When I am not seeing patients, I am working on a product I developed after having my daughter, Ariadna, in 2014. After maternity leave, I returned to work and had a steep decline in breast milk production. Because I produced so little milk, I was very protective over each priceless drop. When my daughter would sip from the bottle, I knew her saliva was unnecessarily contaminating the breast milk. I didn’t understand why there wasn’t a way to simply block that added bacteria from being mixed into the precious liquid-gold breast milk! That is when the idea for aLoo (my daughter’s nickname) was born. I invented a device that blocks 99.6% of baby’s backwash from contaminating their bottle, thereby reducing the overall bacterial content of the breast milk.
With my two “day jobs”, and my evenings being dedicated time for my husband and daughter, there are many times where I feel like I am beginning to fray. I might feel more impatient with my staff, or short with my husband. I will find myself trying to control things outside of my control.
When I begin to feel overwhelmed, I lean on these five simple, yet critical, points that re-center me.
I cannot stress this enough. I believe sleep should be respected as much as exercise. If we make time to work out, we must make time to sleep. It regulates our mood, clears our mind, rests our body and decreases our stress hormones. We have more self-control and focus when we are well rested. I absolutely need eight hours of sleep and will not compromise this necessity. I REST, and I have not yet RUSTED!
I think back to when I was younger and “hangry”. My poor parents! Who am I kidding, though? I was probably hangry yesterday. It’s hard to be self-aware 100% of the time and we all have blind spots for ourselves. Mine is focusing on tasks and not always making time to eat. I have made an effort to prioritize food and snacking throughout the day. I just discovered Janet Anthony’s blog post on food and productivity. It’s a must read.
Being a parent can be socially isolating, and working full time can leave you too drained to socialize even when you have an opportunity to do so. I find that when I am isolated, I start to focus too much on myself and my perceived weaknesses. That is not the best use of my time. Sure, it is very important to focus on our weaknesses and grow from them, but I think designating a time for that is more effective. When I am around friends or family, I can talk about issues I am facing and work through them with their support. I can also laugh and joke about my weaknesses, and also provide support to others, which helps me feel useful and valued.
Having a few friends that you can depend on, who are respectful of your time, and value you is a gift. Make time for them. It doesn’t have to be a fancy outing or an event. I just have a friend come over on Sunday afternoons. That is something I look forward to and is a great way to start facing the work week. And if I didn’t get a work out in that day, that’s okay. The laughing was an ab workout in itself!
I have started doing 10-15 minutes of yoga before bed. I put on a YouTube relaxation music channel, turn the lights off and stretch, breathe and hold poses. I feel like my body is stronger, more toned, and my mind is clear. I never imagined I would look forward to exercise, but now I understand what people mean when they say they feel “off” when they don’t work out.
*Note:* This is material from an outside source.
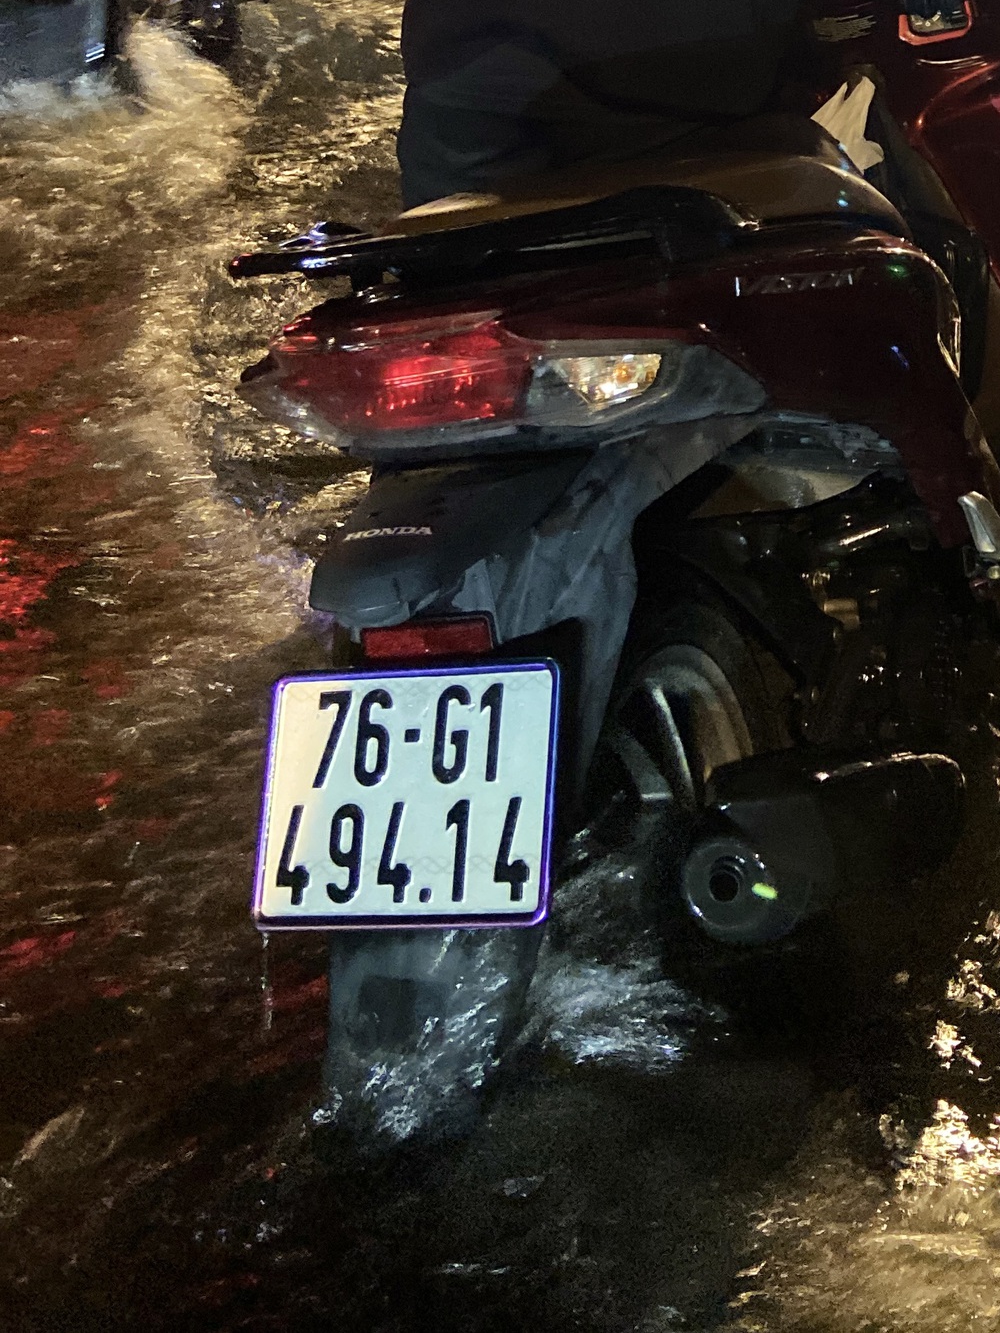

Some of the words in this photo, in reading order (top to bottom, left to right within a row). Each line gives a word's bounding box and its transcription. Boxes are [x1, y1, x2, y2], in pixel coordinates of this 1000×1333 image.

[343, 526, 432, 542] HONDA
[312, 682, 504, 789] 76-G1
[275, 796, 531, 906] 494.14
I sleep SO much better because of that brief yoga session. My lower back is loose, my neck feels light, and my legs feel ready to be still. Off to bed I go, with my body and mind feeling light as a feather.
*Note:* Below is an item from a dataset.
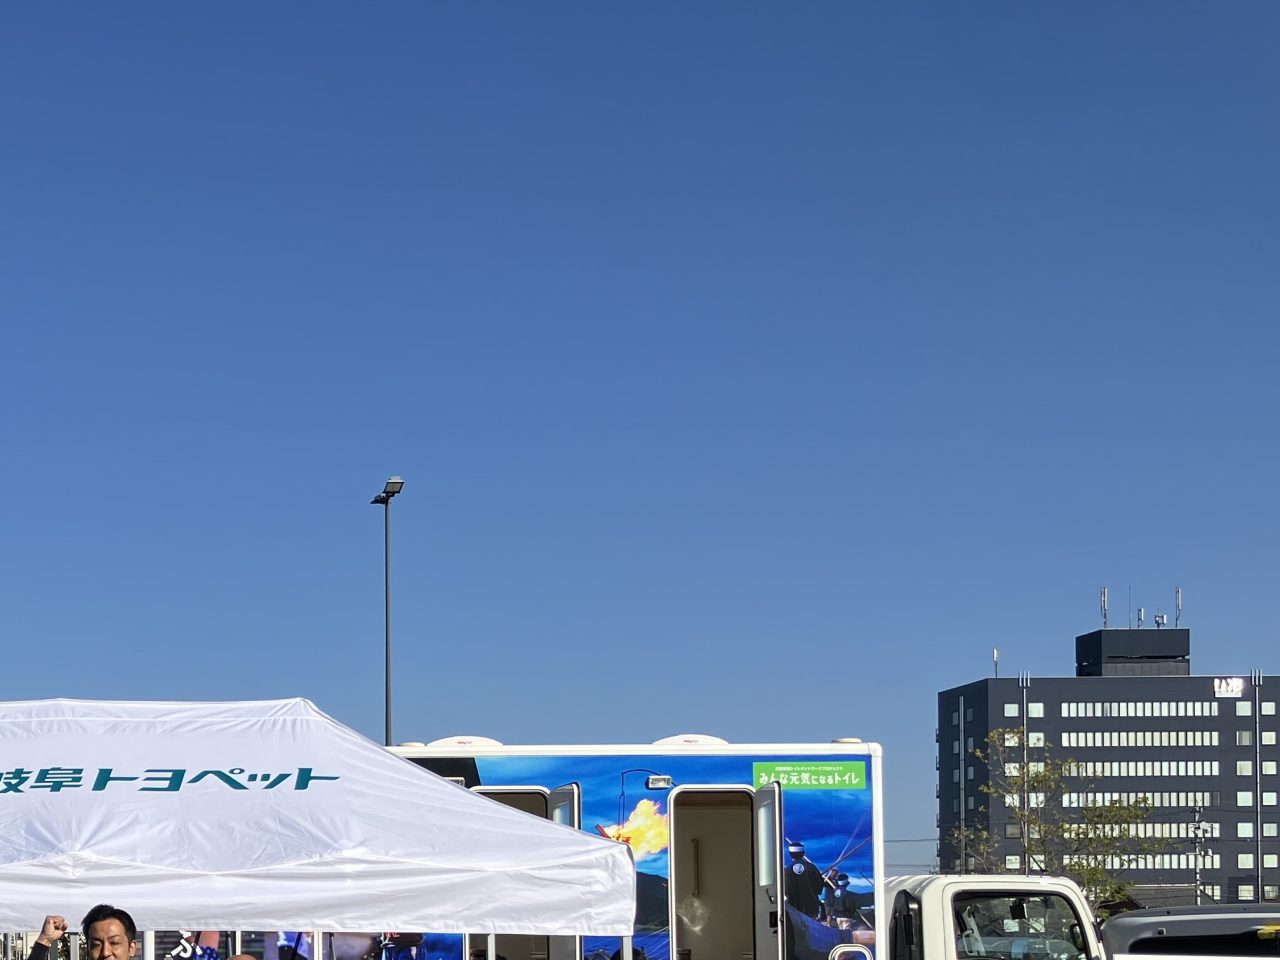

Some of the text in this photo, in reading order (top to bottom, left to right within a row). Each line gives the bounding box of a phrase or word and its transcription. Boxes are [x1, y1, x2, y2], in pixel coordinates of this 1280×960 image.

Okay, I know. Touchy feely psychiatrist saying “just hug people” and you will feel better. That’s not exactly what I am saying. Hug your spouse, your children, your friends. Hugs lower blood pressure. Hugs reduce the stress hormone, cortisol. Hugs increase the release of the “feel good” hormone oxytocin, which enhances the bonds we feel with others. Okay, maybe I am saying “just hug people.” It works!
I hope you find some ways to rest. Take it from me… you won’t rust.